Nine years later and I still think of mum every day.

But now at least I can get through Monday mornings without breaking down.

By Frances  Burscough

'My mother gave me my voice ... and she never gave up on me'

I met my mum, Adelaide, for the first time in the late summer of 1960. I was five years old and had been in an orphanage for about 18 months. She was an orthoptist -specialising in lazy eyes and squints - and I had been sent to her to see if there was anything that could be done with my right eye. I didn't speak to her. I didn't speak to her the next three times, either. I didn't speak to anyone: and I hadn't spoken to anyone since I arrived at the orphanage.

She was in her early 40s at that point, happily married to Sam and didn't have any children. She told me years later that they hadn't even considered adoption until she saw me for a second appointment. I knew I was terrified during those visits, because I was nearly always terrified about everything until I was about 10. I was a stressed, traumatised, scared, bed-wetting boy who didn't speak, because something had happened to me when I was about four and not speaking to, or looking at anyone, was my way of coping with it. I'm still coping. I still wake up screaming some nights.

But she saw through the fear. Maybe it was something to do with her job and having to stare into my eyes for a few hours during those three long appointments. Yes, she saw a terrified boy. But she also saw a boy who she believed could be rescued with love, patience and somewhere he could call his own home. She saw a boy she was willing to turn her comfortable life upside down for: a boy she was willing to take a chance on.
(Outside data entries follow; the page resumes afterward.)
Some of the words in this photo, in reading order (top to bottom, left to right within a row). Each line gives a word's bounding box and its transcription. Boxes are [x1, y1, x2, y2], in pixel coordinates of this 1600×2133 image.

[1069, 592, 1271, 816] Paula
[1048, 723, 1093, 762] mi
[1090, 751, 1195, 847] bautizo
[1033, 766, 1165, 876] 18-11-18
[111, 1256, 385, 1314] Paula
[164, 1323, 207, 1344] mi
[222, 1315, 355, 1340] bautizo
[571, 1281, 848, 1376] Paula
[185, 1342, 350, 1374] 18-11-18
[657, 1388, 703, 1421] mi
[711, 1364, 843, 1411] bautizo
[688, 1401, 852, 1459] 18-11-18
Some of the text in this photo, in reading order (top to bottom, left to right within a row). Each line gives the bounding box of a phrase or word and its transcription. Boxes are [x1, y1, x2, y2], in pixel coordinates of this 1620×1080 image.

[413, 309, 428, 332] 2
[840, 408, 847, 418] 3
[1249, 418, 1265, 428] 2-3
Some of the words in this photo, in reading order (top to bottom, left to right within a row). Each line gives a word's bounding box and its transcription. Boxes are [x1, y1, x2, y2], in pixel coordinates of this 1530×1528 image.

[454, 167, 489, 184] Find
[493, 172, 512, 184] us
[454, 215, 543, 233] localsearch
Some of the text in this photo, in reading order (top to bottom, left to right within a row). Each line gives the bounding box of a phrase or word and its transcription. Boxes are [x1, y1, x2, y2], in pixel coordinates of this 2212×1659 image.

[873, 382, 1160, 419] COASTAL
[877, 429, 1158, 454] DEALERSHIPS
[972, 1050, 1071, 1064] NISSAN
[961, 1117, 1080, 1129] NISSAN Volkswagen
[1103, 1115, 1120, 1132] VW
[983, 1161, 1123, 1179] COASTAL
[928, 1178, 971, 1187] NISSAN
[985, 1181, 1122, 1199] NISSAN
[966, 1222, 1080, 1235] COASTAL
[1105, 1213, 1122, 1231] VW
And it was a very big chance she was taking. Social workers, psychiatrists, educationalists and assorted professionals warned her against adopting me. Their collective view - and I have seen the file that accompanied my adoption - was that I was insular, unstable, almost certainly "educationally subnormal" and would probably have long-term mental issues. Hmm. Even a rescue centre for dogs would have found a gentler way of putting off a potential new owner!

Anyway, she ignored all of them. She even saw off the doubts that Sam had raised with her about me. He was 11 years older than her and fairly set in his ways. But she wore him down. Thank goodness, because he was a wonderful father.

I moved from the orphanage in July 1961, three weeks before my sixth birthday. The next few years were extraordinarily difficult years for both Sam and Adelaide, because I didn't settle easily or quickly. I still wasn't speaking to them and hid when people came to the house. And I'm pretty sure I hid because I was terrified that someone would come and drag me back to the life I lived before I was placed in the orphanage. You can give an adopted child a nice house, his own bedroom, new clothes, toys, birthday parties and a family Christmas: but the most important thing they need is the certainty that they won't be given away and returned to that "other place." The other thing they did was read to me and talk to me - even while I remained mute and motionless. They were readers and radio listeners, so I grew up in a house where words mattered. And even though I didn't respond - even a nod of the head was beyond me - my mum told me later that they both knew I was listening and, more importantly, they both sensed that I understood most of it.

Sam died while I was at Queen's University in Belfast, and I like to think he was quietly proud that I got there in the first place. Adelaide died in November 2003. There isn't a day I don't think about her, because every time I lift a book or a newspaper, or write a column, or do a radio or television commentary, I know that it's her doing. She gave me my voice. She gave me the confidence to raise that voice. She never gave up on me, even when I was at my most difficult.

And even now, when I get the odd jibe about my squint, I just thank the universe that I had it: because if I hadn't had it she would never have been there to rescue me. A wonderful person. My mum.